E.Restrictive Covenants. Executive acknowledges that the Company is providing Executive with the Supplemental Benefit in material part in consideration for Executive’s services during the Transition Period and reaffirmation of Executive’s prior agreement to comply with the restrictive covenants set forth in Article IV of each of the 2015 Option Agreement and 2016 Option Agreement, Article V of the 2021 Option Agreement and Article III of the RSU Agreement, respectively (collectively, the “Restrictive Covenants”); provided, that the Parties hereby acknowledge and agree that the applicable restricted period following termination of employment applicable to any post-employment non-competition or non-solicitation restriction in the Restrictive Covenants shall terminate at the end of the Severance Period. Executive shall no longer be entitled to the Supplemental Benefit following the date that Executive first materially violates any such Restrictive Covenants, as reasonably determined by the Board of Directors (and, to the extent any Supplemental Benefit has been already paid, the amount thereof shall be repaid to the Company).

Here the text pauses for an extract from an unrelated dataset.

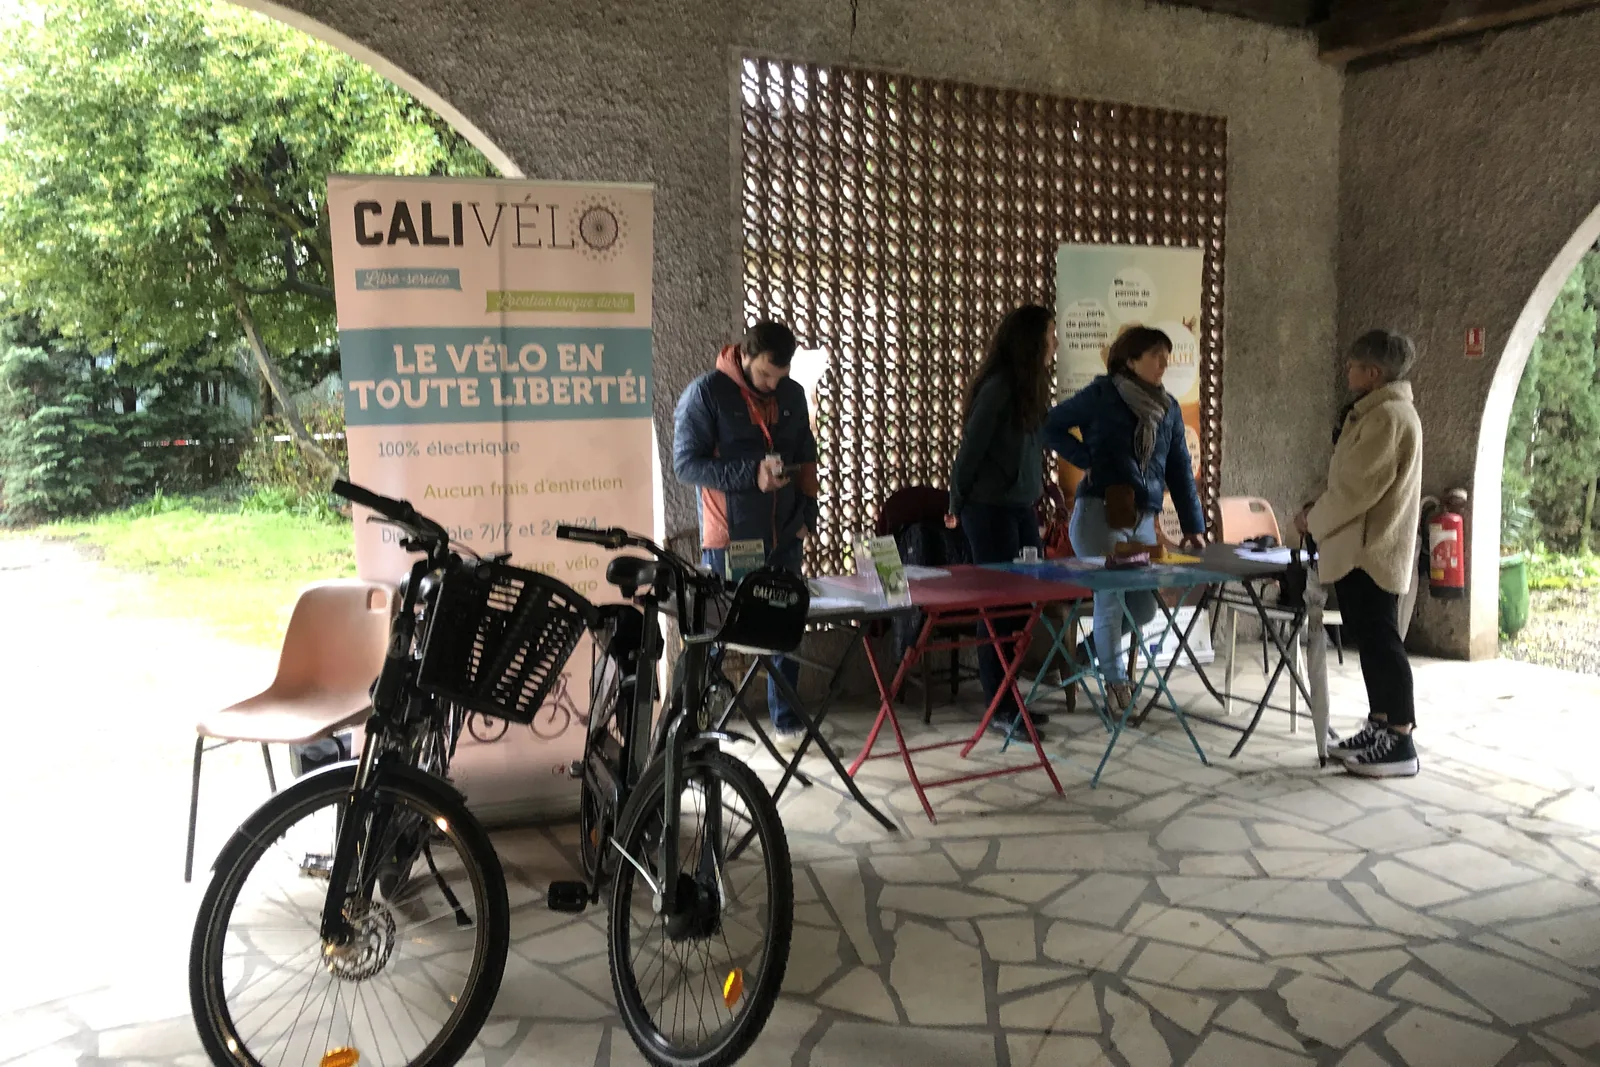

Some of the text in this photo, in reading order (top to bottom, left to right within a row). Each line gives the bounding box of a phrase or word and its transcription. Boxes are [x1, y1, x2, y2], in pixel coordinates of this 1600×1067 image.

F.No Other Promises. Executive represents and agrees that neither the Company nor any of its employees, agents, representatives or attorneys made any representations concerning the terms or the effects of this Agreement other than those contained herein and that Executive’s decision to sign this Agreement is not based in whole or in part on any statement or promise that does not appear within the four corners of this document. Executive acknowledges and agrees that nothing herein changes the at-will nature of Executive’s employment and, notwithstanding anything to the contrary herein, nothing shall limit the Company’s ability to terminate Executive’s employment at any time following the date hereof, subject to compliance with the Severance Plan (if applicable), or otherwise covered by this Agreement.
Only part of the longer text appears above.